◆ **Work to complete**:
Give the records below again, word for word. No pictures belong in the copy.

◆ **Material for the task**:
↓↓↓
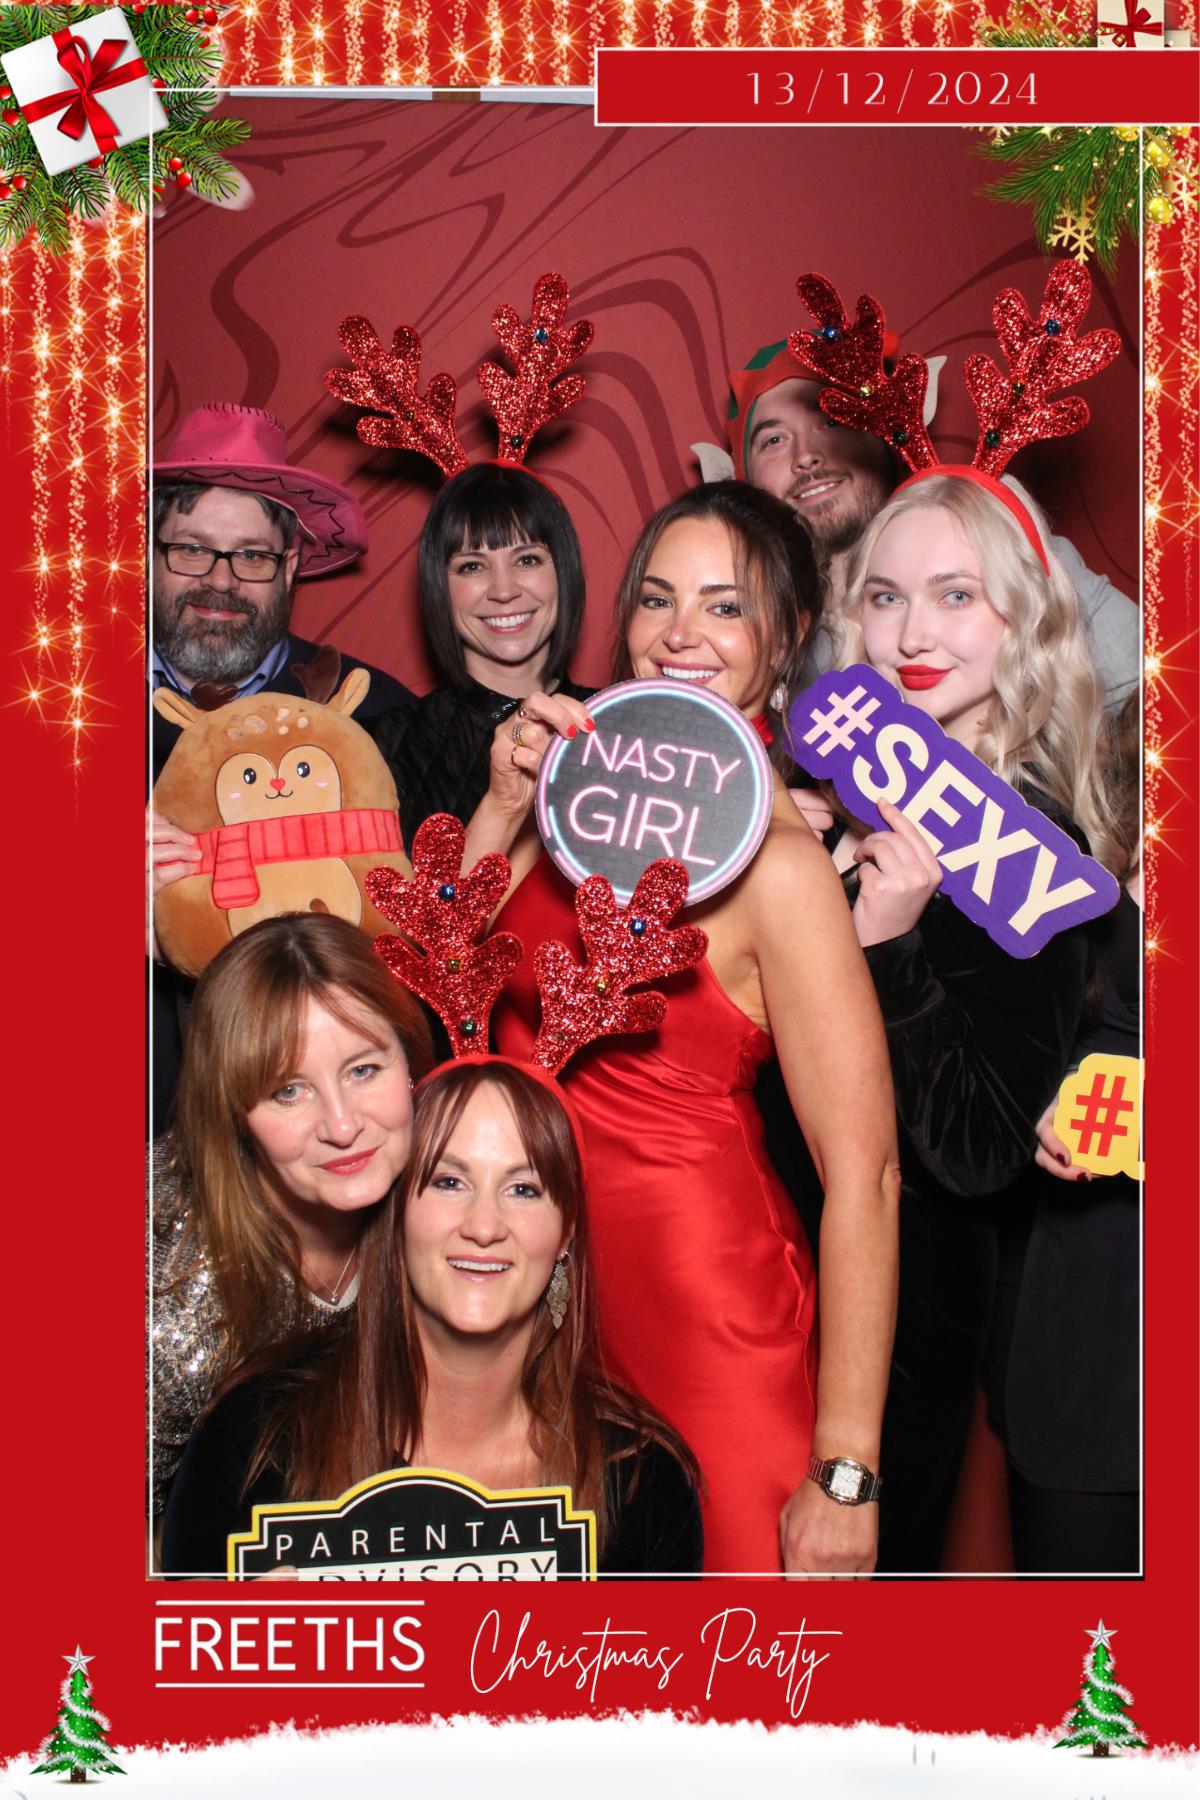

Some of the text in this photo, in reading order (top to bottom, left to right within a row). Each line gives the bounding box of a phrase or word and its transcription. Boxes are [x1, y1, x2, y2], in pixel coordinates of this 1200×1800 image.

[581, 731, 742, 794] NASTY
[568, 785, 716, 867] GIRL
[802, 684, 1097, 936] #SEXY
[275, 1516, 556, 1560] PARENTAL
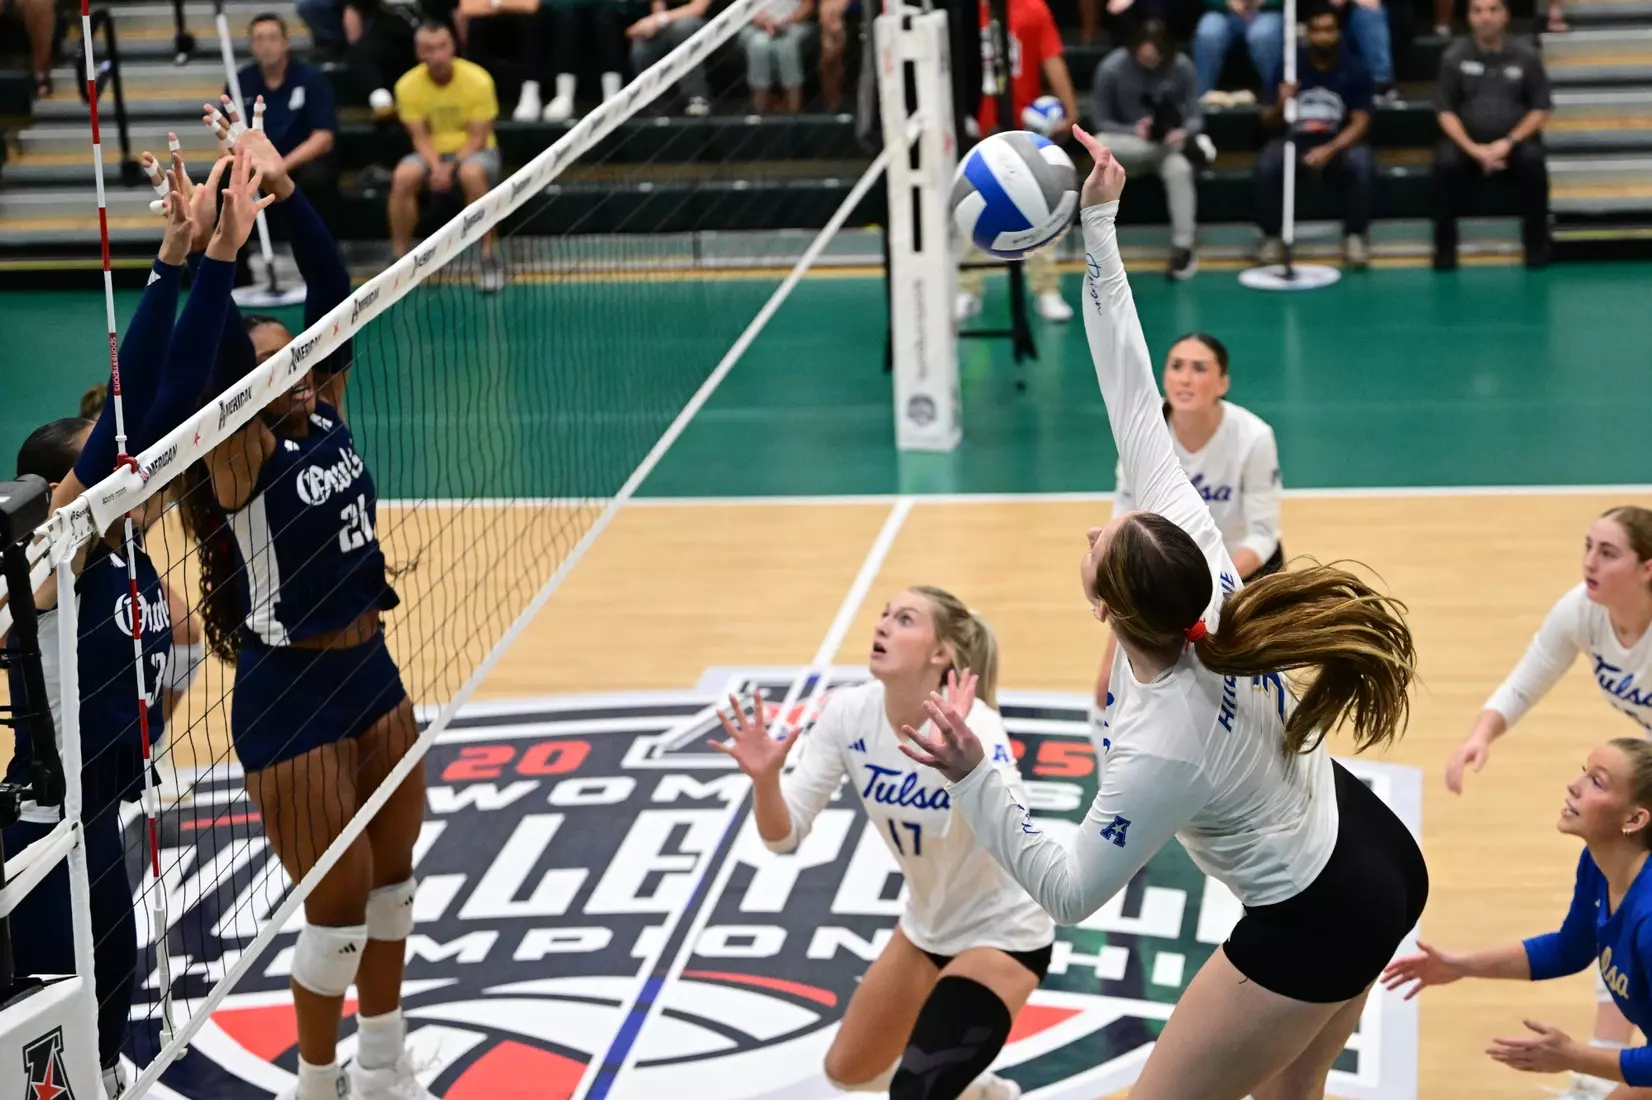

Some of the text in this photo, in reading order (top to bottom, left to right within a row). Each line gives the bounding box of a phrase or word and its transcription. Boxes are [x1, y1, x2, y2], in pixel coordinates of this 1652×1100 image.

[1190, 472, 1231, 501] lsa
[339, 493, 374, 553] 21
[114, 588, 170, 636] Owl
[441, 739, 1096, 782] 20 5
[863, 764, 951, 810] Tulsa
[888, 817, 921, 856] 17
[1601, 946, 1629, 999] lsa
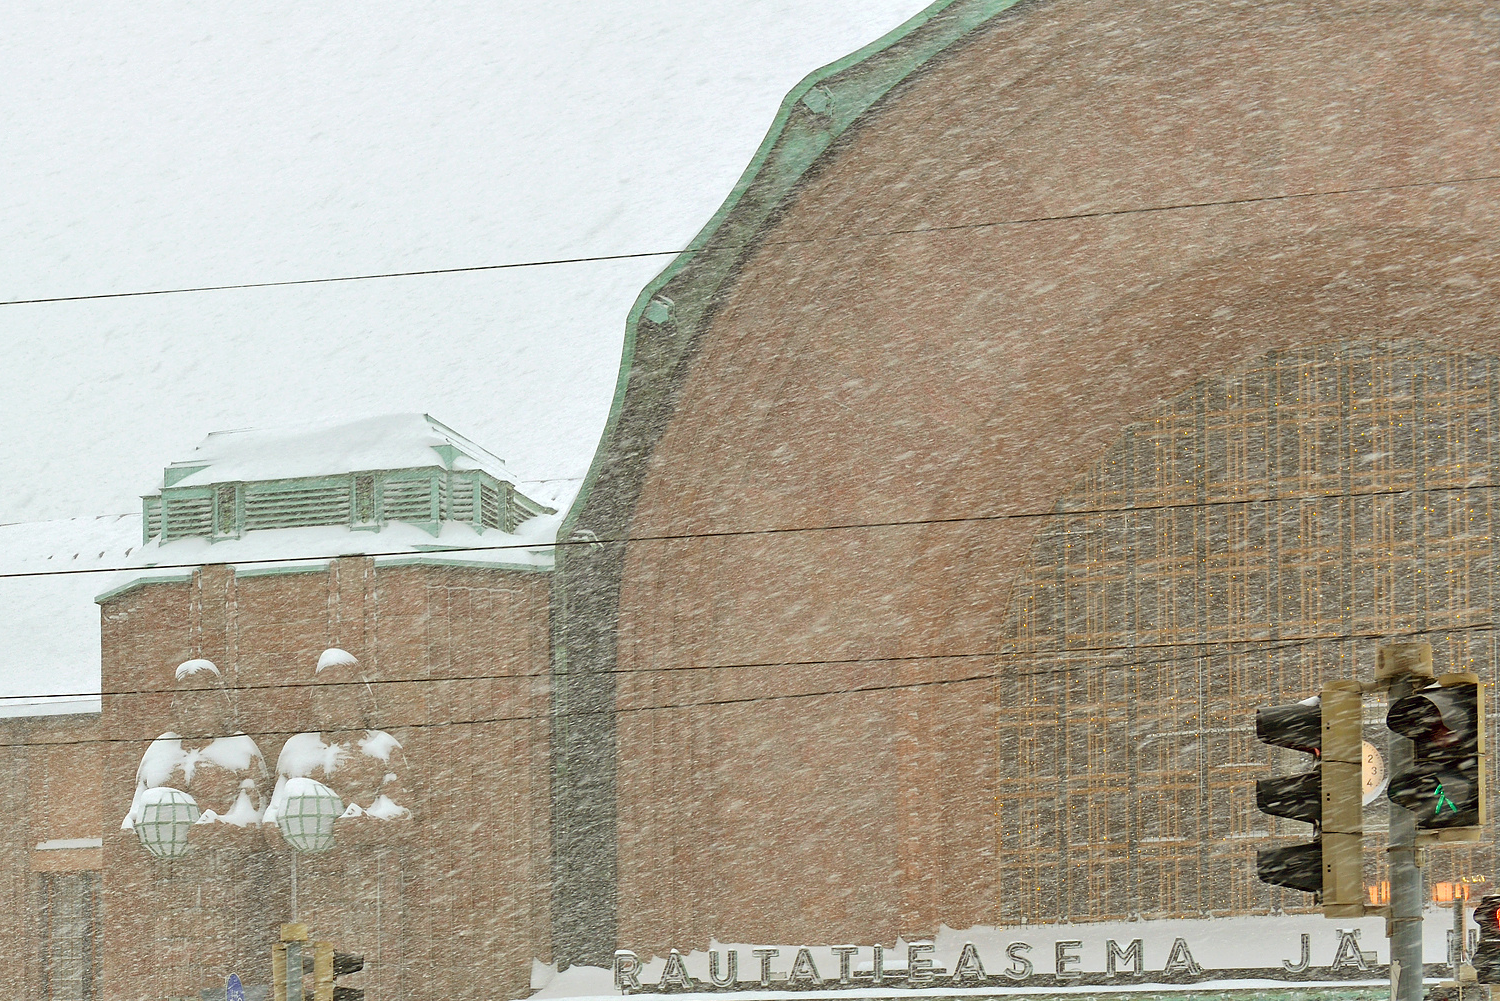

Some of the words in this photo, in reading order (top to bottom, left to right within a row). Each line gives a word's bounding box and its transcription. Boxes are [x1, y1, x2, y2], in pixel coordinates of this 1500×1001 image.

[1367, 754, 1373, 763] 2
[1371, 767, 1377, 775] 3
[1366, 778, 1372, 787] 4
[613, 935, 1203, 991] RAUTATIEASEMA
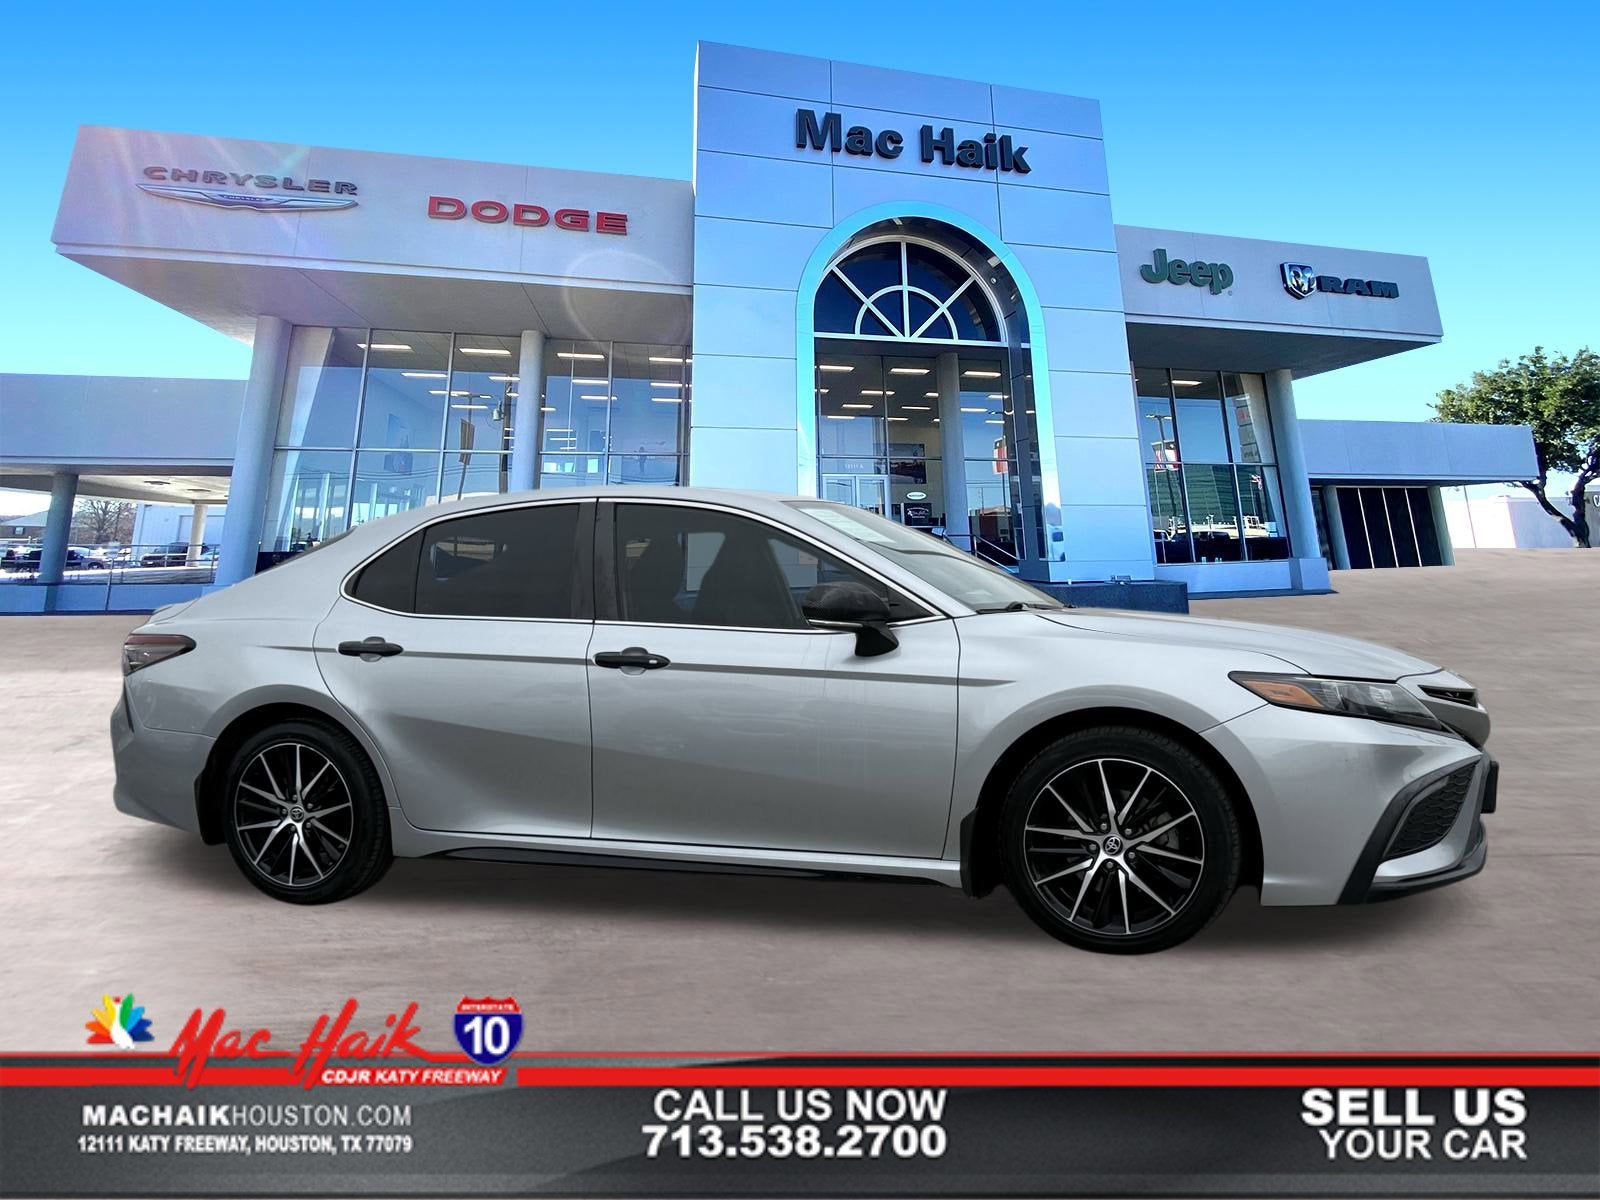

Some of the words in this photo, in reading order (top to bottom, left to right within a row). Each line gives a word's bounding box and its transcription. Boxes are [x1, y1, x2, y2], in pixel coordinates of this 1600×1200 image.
↑↑↑
◆ **Response area**:
Some of the text in this photo, in reading order (top to bottom, left to right within a row). Each line gives the bounding box of a phrase or word and its transcription. Boxes are [x1, y1, x2, y2], in pixel coordinates of this 1200×1800 image.

[581, 731, 742, 794] NASTY
[568, 785, 716, 867] GIRL
[802, 684, 1097, 936] #SEXY
[275, 1516, 556, 1560] PARENTAL

Some of the text in this photo, in reading order (top to bottom, left to right within a row). Each line gives the bounding box of a phrase or word and its transcription. Boxes are [x1, y1, x2, y2], in pixel coordinates of this 1652×1100 image.

[1190, 472, 1231, 501] lsa
[339, 493, 374, 553] 21
[114, 588, 170, 636] Owl
[441, 739, 1096, 782] 20 5
[863, 764, 951, 810] Tulsa
[888, 817, 921, 856] 17
[1601, 946, 1629, 999] lsa

Some of the words in this photo, in reading order (top to bottom, left to right within a row). Each line gives a word's bounding box and its transcription. Boxes are [x1, y1, x2, y2], in pixel coordinates of this 1500×1001 image.

[1367, 754, 1373, 763] 2
[1371, 767, 1377, 775] 3
[1366, 778, 1372, 787] 4
[613, 935, 1203, 991] RAUTATIEASEMA

Some of the words in this photo, in reading order (top to bottom, left to right within a row). Each line gives a word's bounding box and its transcription. Boxes are [x1, y1, x2, y2], in pixel coordinates of this 1600×1200 image.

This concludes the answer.